** SOURCE DATA **
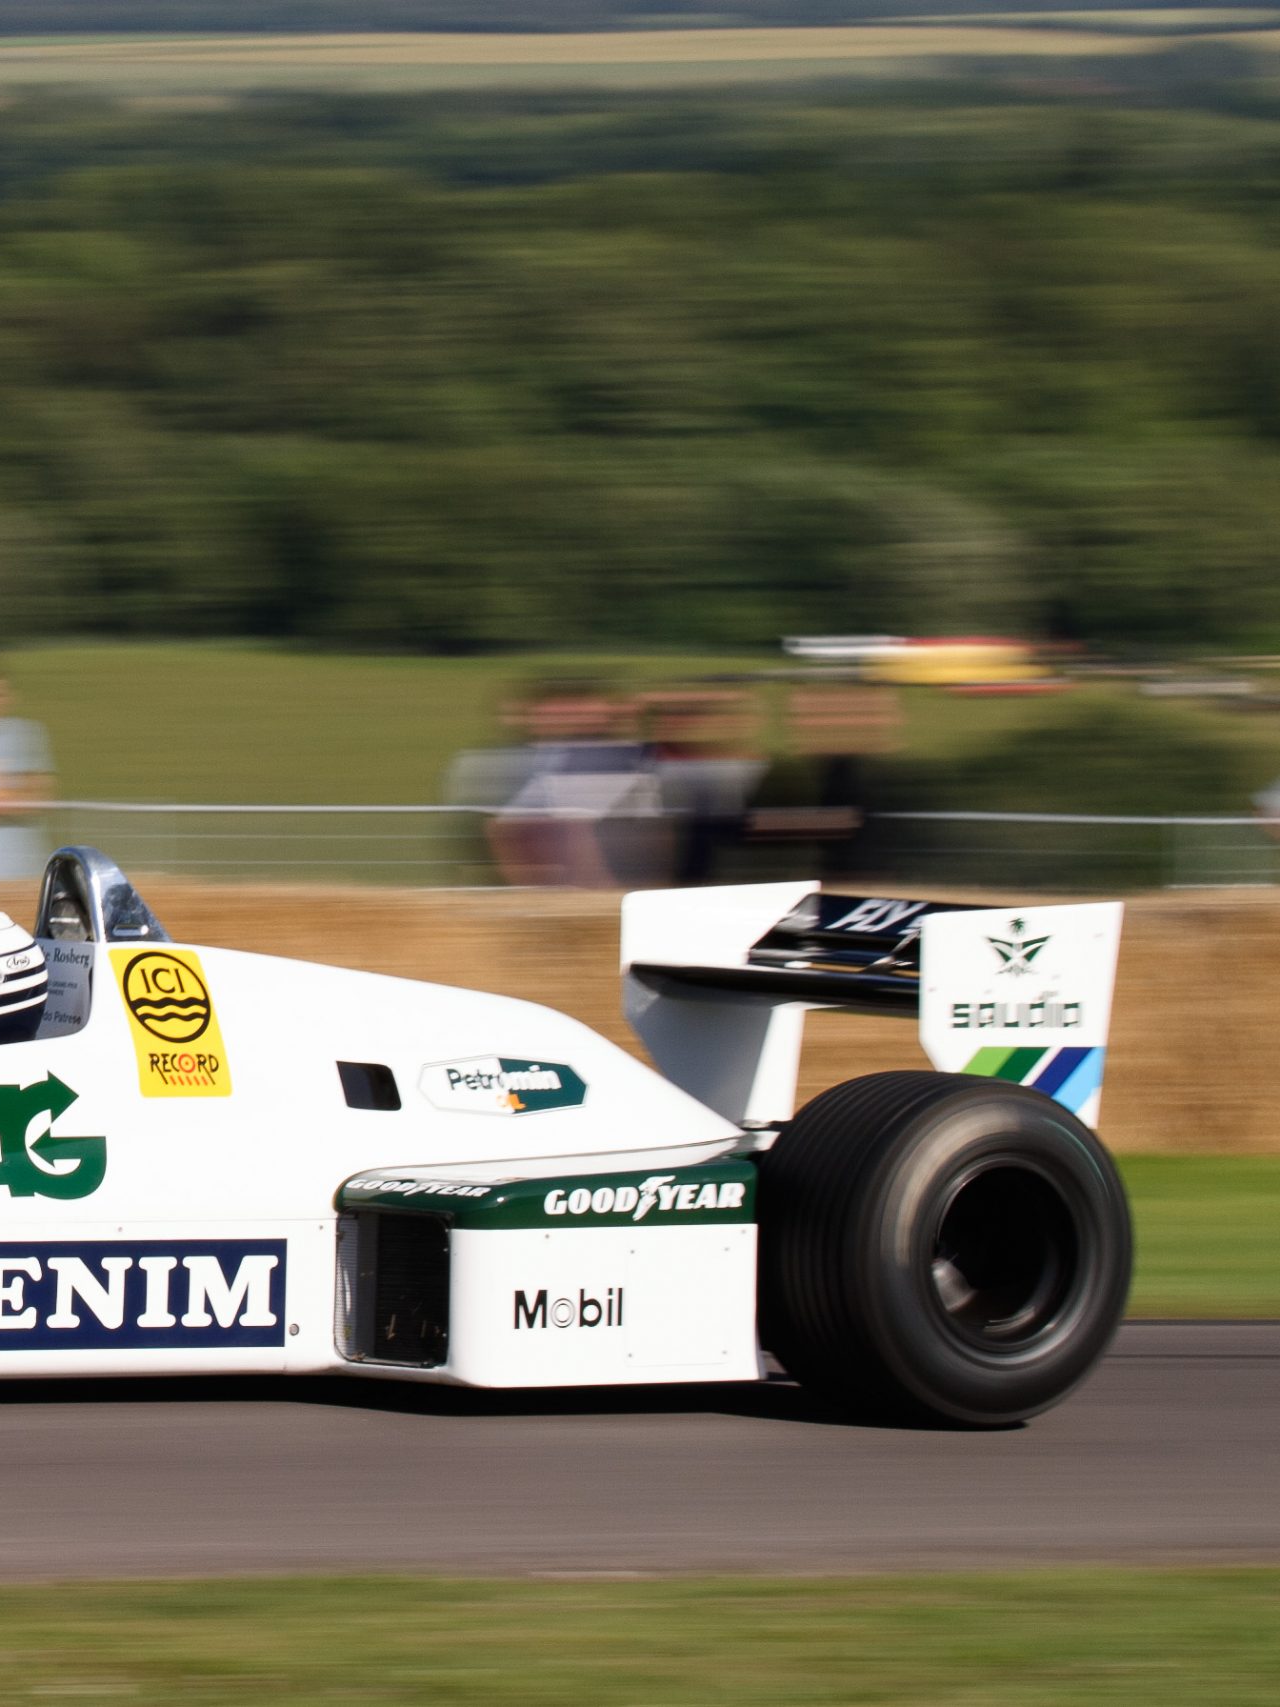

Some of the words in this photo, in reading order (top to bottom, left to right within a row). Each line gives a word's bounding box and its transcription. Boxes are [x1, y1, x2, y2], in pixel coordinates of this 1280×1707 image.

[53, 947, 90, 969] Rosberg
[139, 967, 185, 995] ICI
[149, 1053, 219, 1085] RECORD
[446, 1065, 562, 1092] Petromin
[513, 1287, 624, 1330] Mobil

** WORK REQUEST **
Repeat the listing verbatim without its pictures.

** SOLUTION TO THIS TASK **
Some of the words in this photo, in reading order (top to bottom, left to right within a row). Each line gives a word's bounding box and its transcription. Boxes are [x1, y1, x2, y2], in pixel coordinates of this 1280×1707 image.

[53, 947, 90, 969] Rosberg
[139, 967, 185, 995] ICI
[149, 1053, 219, 1085] RECORD
[446, 1065, 562, 1092] Petromin
[513, 1287, 624, 1330] Mobil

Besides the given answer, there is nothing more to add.